Yo aprovechaba, para colarme, las ocasiones en las que, después de cenar, alguno de mis dos tíos iba al Tiro. Comía en la cocina-comedor diario. Mi nonna era una maestra en aprovechar los restos de comidas previas y en preparar salsas. Cuando yo ya estaba por terminar el copioso plato de fideos, me cortaba un pedazo de pan y me ordenaba que lo mojara en el jugo que se acumulaba en el plato. : Amduma, figlio, che viene el vent, vamos hijo que se viene el viento. Eso quería decir al mismo tiempo “no le hagas perder el tiempo a tu tío”, y “dejá el plato limpio como si estuviera recién lavado”.
Yo siempre le contestaba algo que la festejara. Entonces, ella retrucaba: A l’ha la lenga `d súcher, tiene la lengua de azúcar, asomada por sobre mi hombro para ver cómo iba lo del pulido. La recuerdo siempre de pie, jamás en reposo y, si algo se le caía de las manos, aparecía por entre sus labios que se afilaban, rápida como un fugitivo, la interjección ¡Porca miseria! Para un niño, la repetición de esos protocolos sin variar una coma era confirmatoria, y, por lo tanto, grata. La infancia es un largo rito.
Cuando salíamos todavía no era de noche. El aire fosforescía como lo hace cuando la luz titubea entre permanecer o seguir, o el deseo en arremeter cuando el amor se le pone delante. Cruzábamos el patio donde estaba el asombroso árbol que daba limones y naranjas al mismo tiempo, unos de un lado y las otras del otro. Los limones eran plenos y típicos; en cambio las naranjas eran más pequeñas, de piel fina, color azafranado tabaco, y amargas. Tal vez por el resentimiento que les causaba el hecho de que las personas las hicieran a un costado, se estaban volcando hacia la zona natural, con el evidente propósito de ahogarla. Lo había plantado mi nonna. Todavía conservo algunas fotos, instantáneas viejas en blanco y negro, con los bordes dentados.

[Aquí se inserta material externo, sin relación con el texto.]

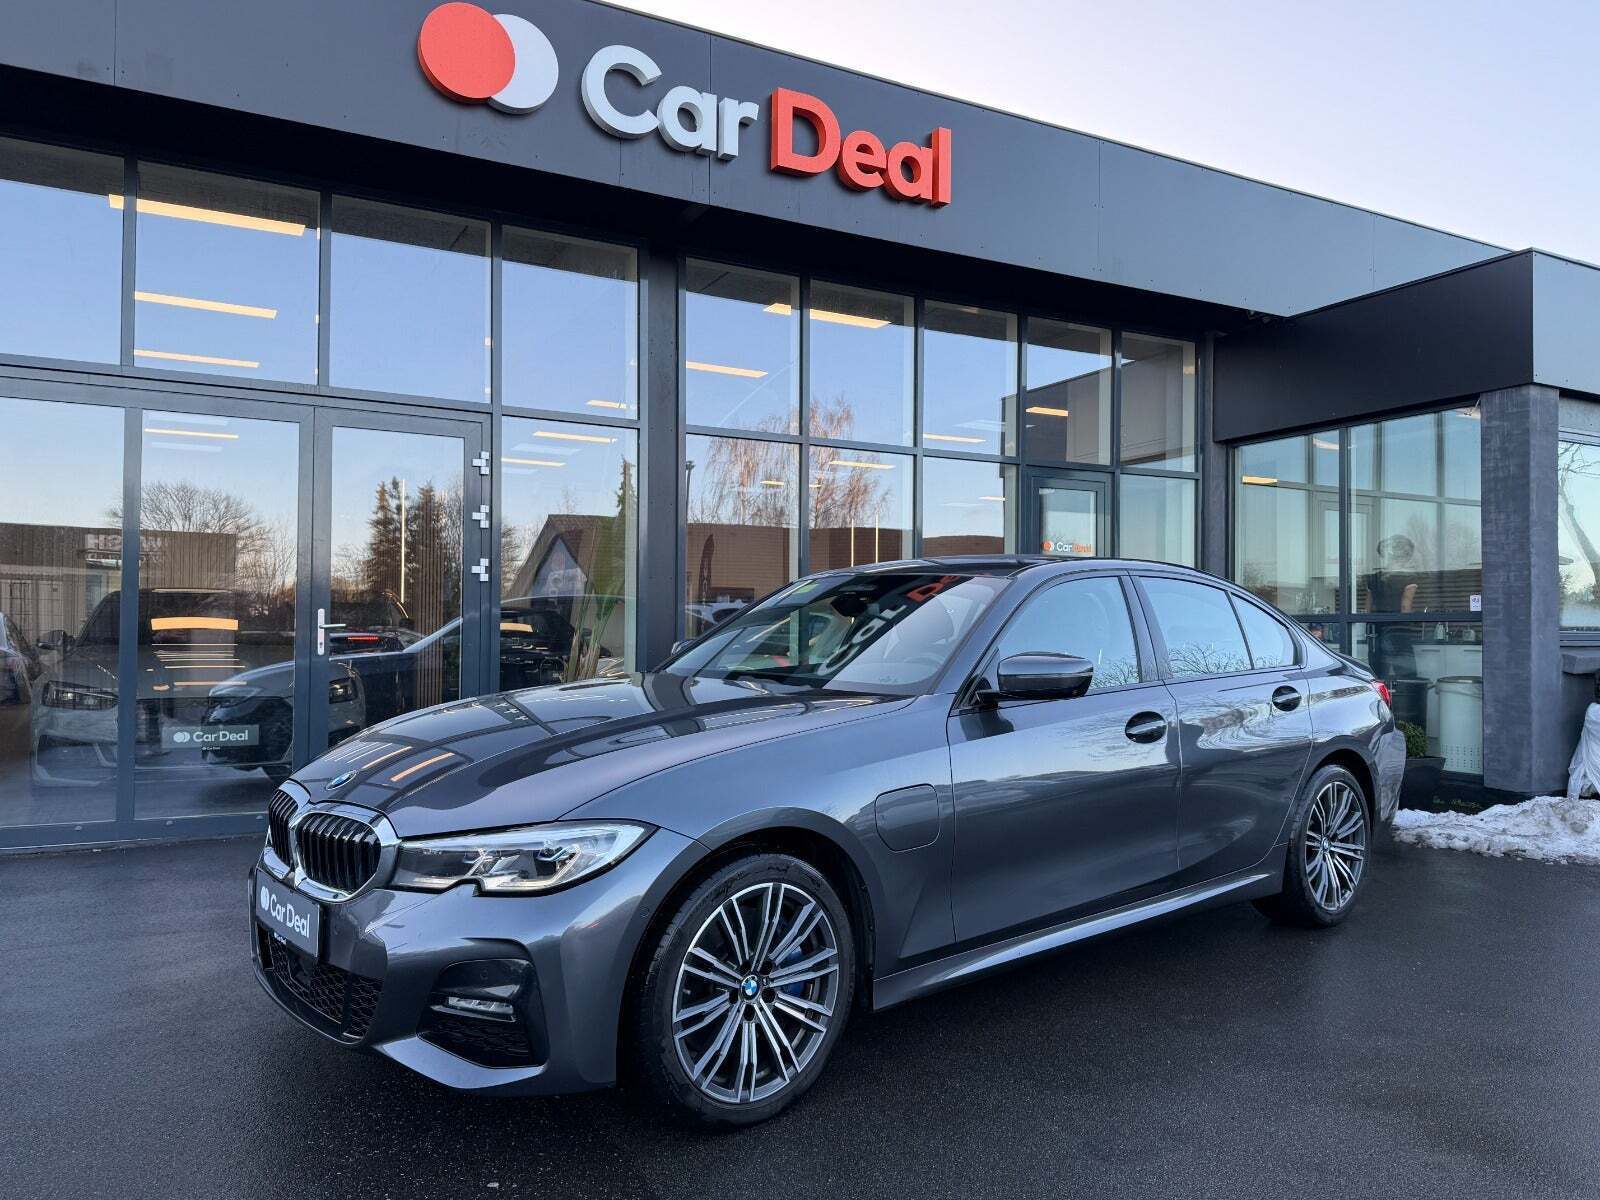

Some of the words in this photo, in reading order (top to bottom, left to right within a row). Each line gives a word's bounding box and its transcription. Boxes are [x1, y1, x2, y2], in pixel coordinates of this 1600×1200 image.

[582, 45, 759, 161] Car
[770, 87, 951, 207] Deal
[1057, 542, 1072, 552] Car
[193, 731, 217, 742] Car
[220, 730, 248, 741] Deal
[270, 894, 286, 922] Car
[286, 904, 310, 938] Deal

Lo cierto es que nunca supe cuál es la razón por la cual nosotros -y los niños en general- disfrutábamos tanto de hallar o incluso construirnos esas estancias recónditas y privadas, como el centro del seto. Tal vez el gusto de estar solos e imaginando, de dar los primeros pasos conscientes hacia el conocimiento del cuerpo, de establecer y hacer regir nuestras propias reglas, de sentirnos a salvo de la vida exterior. O tal vez el gusto de tener nuestra propia casa a la medida de cómo nos imaginábamos que éramos, o el hecho de mirar sin que nos vieran.
Yo me tiraba sobre la tierra, al amparo del perfume de la flor de caña de ámbar, y empezaba a soñar con comarcas y batallas. Sólo podían ocurrir dos cosas: o venía un amigo o Víctor asomaba su cabezota de asno de cartón piedra por entre los vericuetos del paisaje. Víctor, el tonto del pueblo.

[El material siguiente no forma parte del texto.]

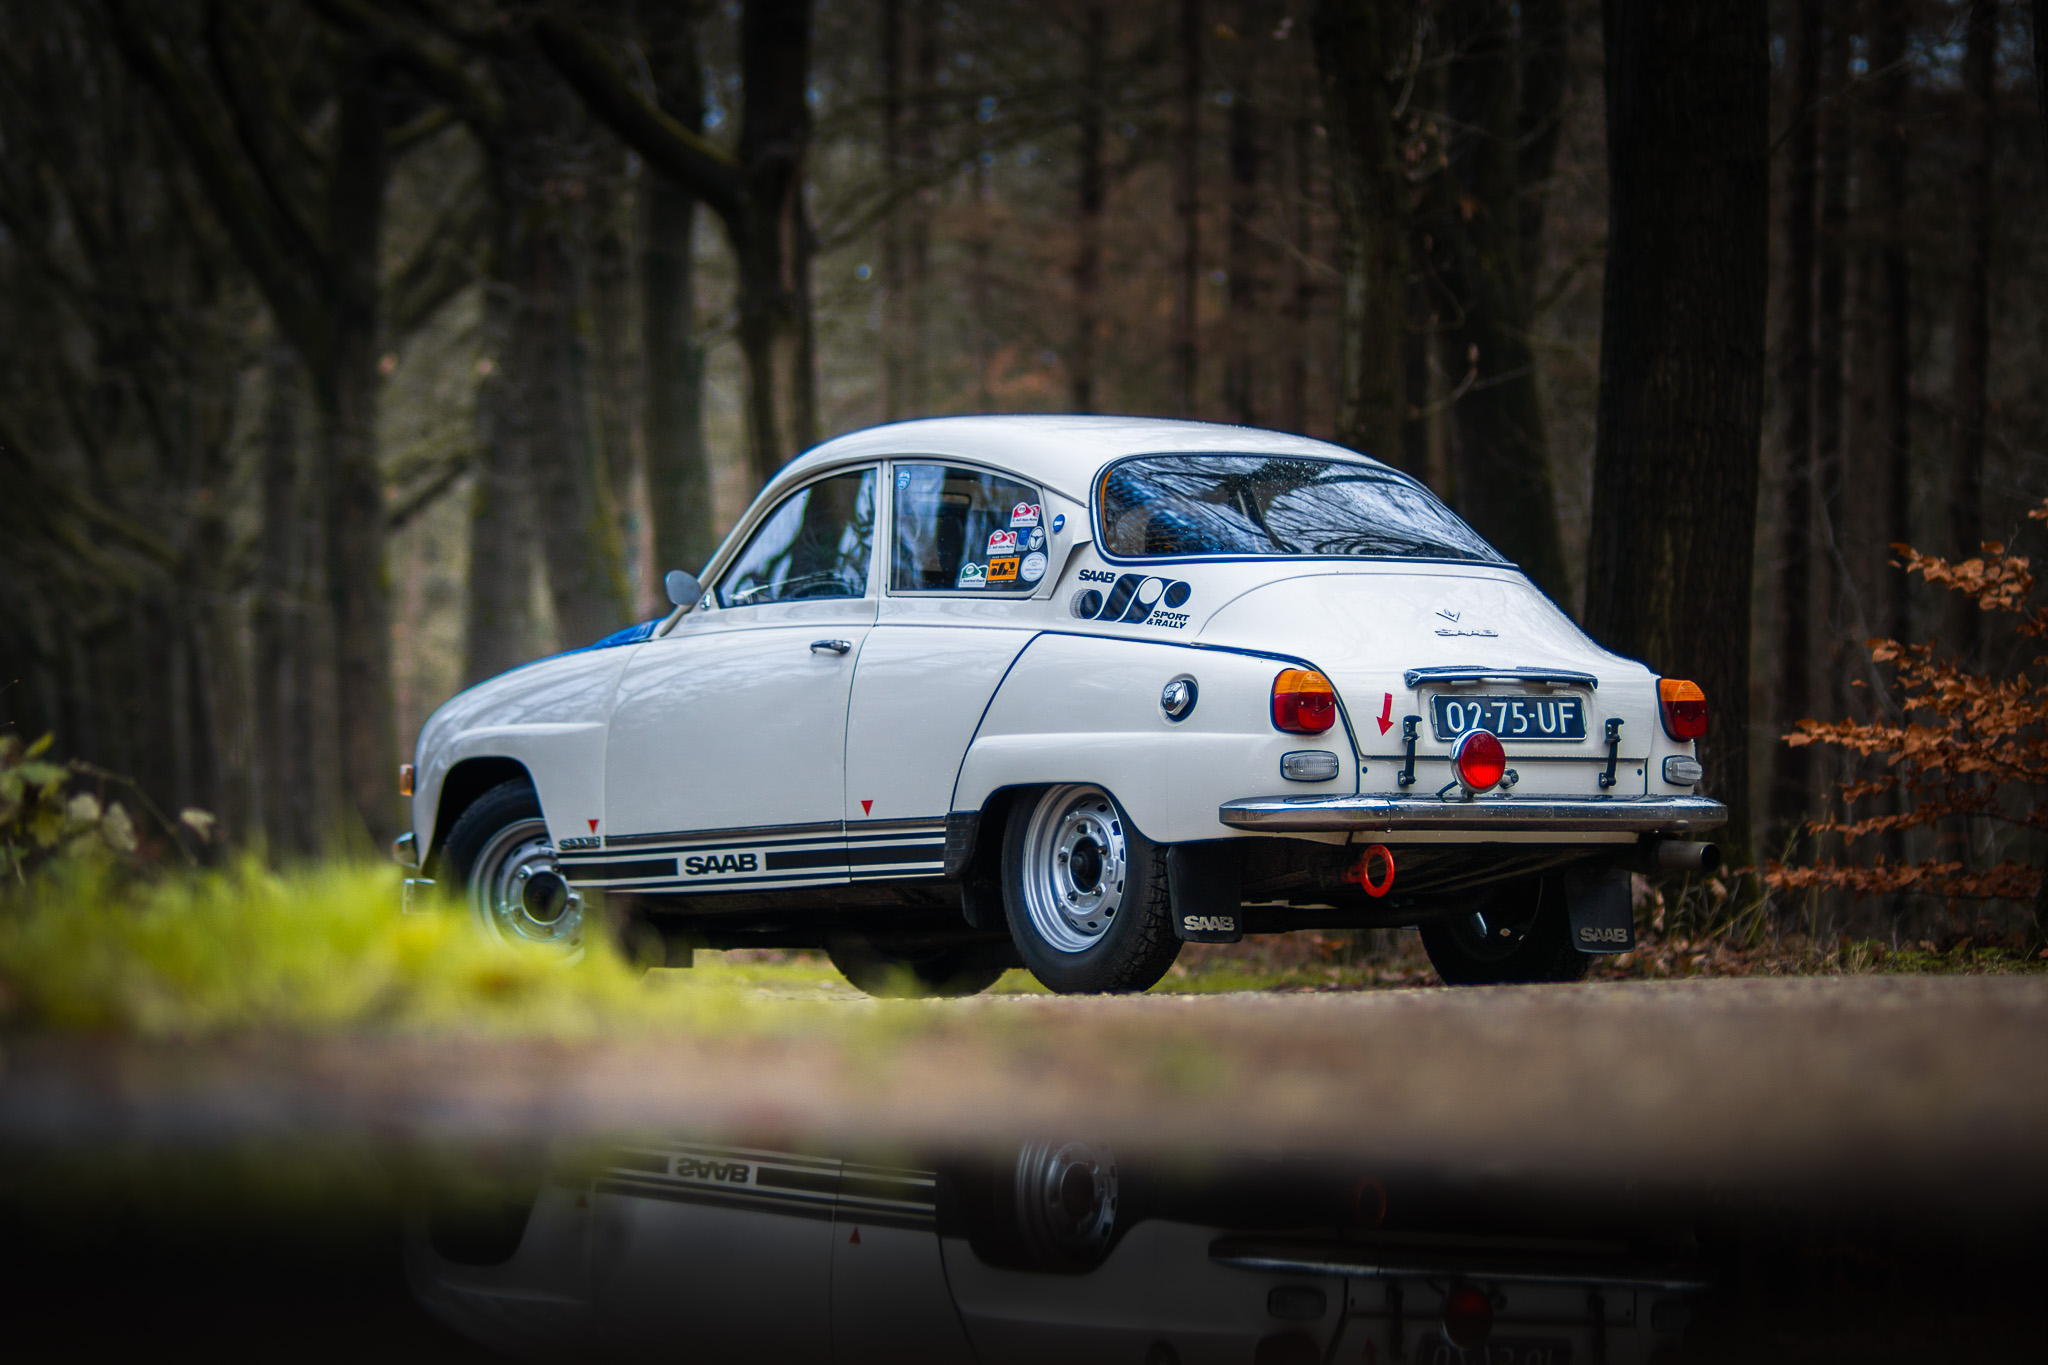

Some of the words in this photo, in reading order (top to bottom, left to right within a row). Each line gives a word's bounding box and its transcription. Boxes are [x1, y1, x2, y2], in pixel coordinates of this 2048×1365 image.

[1078, 569, 1116, 584] SAAB
[1152, 610, 1190, 622] SPORT
[1446, 702, 1575, 734] 02-75-UF
[684, 853, 758, 876] SAAB
[1184, 915, 1235, 931] SAAB
[1580, 927, 1628, 943] SAAB

Mostraba el hocico y hacía lo mismo que cuando uno se cruzaba con él por la calle (caminaba impenitentemente sin rumbo fijo, o con una dirección a la que sólo él tenía acceso). “Decime una fecha”, pedía con su voz espesa. Yo repetía “17 de octubre de 1945”. Y él a su vez, infalible: “Miércoles, medio nublado”. Jamás le pregunté si el clima estaba así en Morteros o en Buenos Aires, pero nunca se equivocó de día de la semana. Podía resistir todo el tiempo que el interlocutor quisiera: “Sábado, soleado”, “Lunes, lluvioso” sin equivocarse jamás.
El olor a flor de caña de ámbar era lo último que quedaba atrás cuando volvía a mi ciudad, y lo primero que aparecía al verano siguiente, cuando llegaba la hora de ir a pasar las vacaciones en Morteros. Yo sabía que era por el refugio, por los amigos, por Adriana, por el limonaranjero. Lo que no sabía era que sería para siempre.